• WHAT THE EXERCISE ASKS: Write out the full listing again, exactly as it stands.

##### SUPPLIED RECORDS

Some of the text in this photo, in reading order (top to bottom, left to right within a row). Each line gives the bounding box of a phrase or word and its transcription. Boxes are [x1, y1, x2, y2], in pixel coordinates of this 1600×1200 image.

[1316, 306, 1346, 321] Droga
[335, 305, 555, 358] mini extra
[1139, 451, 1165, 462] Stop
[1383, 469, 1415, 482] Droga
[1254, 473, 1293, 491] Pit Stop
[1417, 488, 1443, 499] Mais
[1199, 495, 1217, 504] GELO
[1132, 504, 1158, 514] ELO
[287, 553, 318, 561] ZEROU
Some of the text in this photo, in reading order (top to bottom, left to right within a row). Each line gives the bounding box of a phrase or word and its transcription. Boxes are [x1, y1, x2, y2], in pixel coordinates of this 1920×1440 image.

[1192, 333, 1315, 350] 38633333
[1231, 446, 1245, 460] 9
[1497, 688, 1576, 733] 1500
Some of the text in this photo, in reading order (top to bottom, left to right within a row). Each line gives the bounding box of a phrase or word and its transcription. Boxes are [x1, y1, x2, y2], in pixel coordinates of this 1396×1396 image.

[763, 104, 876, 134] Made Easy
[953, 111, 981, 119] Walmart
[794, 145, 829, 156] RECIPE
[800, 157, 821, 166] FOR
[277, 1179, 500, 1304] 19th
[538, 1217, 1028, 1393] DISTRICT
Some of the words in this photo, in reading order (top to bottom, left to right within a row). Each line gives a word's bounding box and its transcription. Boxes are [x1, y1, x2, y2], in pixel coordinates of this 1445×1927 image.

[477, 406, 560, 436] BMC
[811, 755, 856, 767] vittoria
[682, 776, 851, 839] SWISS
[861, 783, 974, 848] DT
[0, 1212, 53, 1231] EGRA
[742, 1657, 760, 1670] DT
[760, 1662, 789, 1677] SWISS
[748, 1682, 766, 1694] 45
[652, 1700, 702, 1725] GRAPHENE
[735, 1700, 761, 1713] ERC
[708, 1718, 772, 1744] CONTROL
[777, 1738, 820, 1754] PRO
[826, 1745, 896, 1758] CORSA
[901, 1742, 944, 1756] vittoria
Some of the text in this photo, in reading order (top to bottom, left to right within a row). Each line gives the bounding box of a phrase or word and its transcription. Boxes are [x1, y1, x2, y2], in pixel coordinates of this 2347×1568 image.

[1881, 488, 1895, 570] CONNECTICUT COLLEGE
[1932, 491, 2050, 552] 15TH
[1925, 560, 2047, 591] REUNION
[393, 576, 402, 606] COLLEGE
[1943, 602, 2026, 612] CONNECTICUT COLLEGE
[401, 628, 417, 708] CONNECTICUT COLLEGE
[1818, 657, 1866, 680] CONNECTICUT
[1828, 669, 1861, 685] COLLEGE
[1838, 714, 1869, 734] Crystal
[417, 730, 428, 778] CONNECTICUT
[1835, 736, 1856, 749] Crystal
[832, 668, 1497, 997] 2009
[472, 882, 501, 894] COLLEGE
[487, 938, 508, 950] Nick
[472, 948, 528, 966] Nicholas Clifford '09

##########

• ANSWER TO THE EXERCISE:
Some of the text in this photo, in reading order (top to bottom, left to right within a row). Each line gives the bounding box of a phrase or word and its transcription. Boxes are [x1, y1, x2, y2], in pixel coordinates of this 1600×1200 image.

[1316, 306, 1346, 321] Droga
[335, 305, 555, 358] mini extra
[1139, 451, 1165, 462] Stop
[1383, 469, 1415, 482] Droga
[1254, 473, 1293, 491] Pit Stop
[1417, 488, 1443, 499] Mais
[1199, 495, 1217, 504] GELO
[1132, 504, 1158, 514] ELO
[287, 553, 318, 561] ZEROU
Some of the text in this photo, in reading order (top to bottom, left to right within a row). Each line gives the bounding box of a phrase or word and its transcription. Boxes are [x1, y1, x2, y2], in pixel coordinates of this 1920×1440 image.

[1192, 333, 1315, 350] 38633333
[1231, 446, 1245, 460] 9
[1497, 688, 1576, 733] 1500
Some of the text in this photo, in reading order (top to bottom, left to right within a row). Each line gives the bounding box of a phrase or word and its transcription. Boxes are [x1, y1, x2, y2], in pixel coordinates of this 1396×1396 image.

[763, 104, 876, 134] Made Easy
[953, 111, 981, 119] Walmart
[794, 145, 829, 156] RECIPE
[800, 157, 821, 166] FOR
[277, 1179, 500, 1304] 19th
[538, 1217, 1028, 1393] DISTRICT
Some of the words in this photo, in reading order (top to bottom, left to right within a row). Each line gives a word's bounding box and its transcription. Boxes are [x1, y1, x2, y2], in pixel coordinates of this 1445×1927 image.

[477, 406, 560, 436] BMC
[811, 755, 856, 767] vittoria
[682, 776, 851, 839] SWISS
[861, 783, 974, 848] DT
[0, 1212, 53, 1231] EGRA
[742, 1657, 760, 1670] DT
[760, 1662, 789, 1677] SWISS
[748, 1682, 766, 1694] 45
[652, 1700, 702, 1725] GRAPHENE
[735, 1700, 761, 1713] ERC
[708, 1718, 772, 1744] CONTROL
[777, 1738, 820, 1754] PRO
[826, 1745, 896, 1758] CORSA
[901, 1742, 944, 1756] vittoria
Some of the text in this photo, in reading order (top to bottom, left to right within a row). Each line gives the bounding box of a phrase or word and its transcription. Boxes are [x1, y1, x2, y2], in pixel coordinates of this 2347×1568 image.

[1881, 488, 1895, 570] CONNECTICUT COLLEGE
[1932, 491, 2050, 552] 15TH
[1925, 560, 2047, 591] REUNION
[393, 576, 402, 606] COLLEGE
[1943, 602, 2026, 612] CONNECTICUT COLLEGE
[401, 628, 417, 708] CONNECTICUT COLLEGE
[1818, 657, 1866, 680] CONNECTICUT
[1828, 669, 1861, 685] COLLEGE
[1838, 714, 1869, 734] Crystal
[417, 730, 428, 778] CONNECTICUT
[1835, 736, 1856, 749] Crystal
[832, 668, 1497, 997] 2009
[472, 882, 501, 894] COLLEGE
[487, 938, 508, 950] Nick
[472, 948, 528, 966] Nicholas Clifford '09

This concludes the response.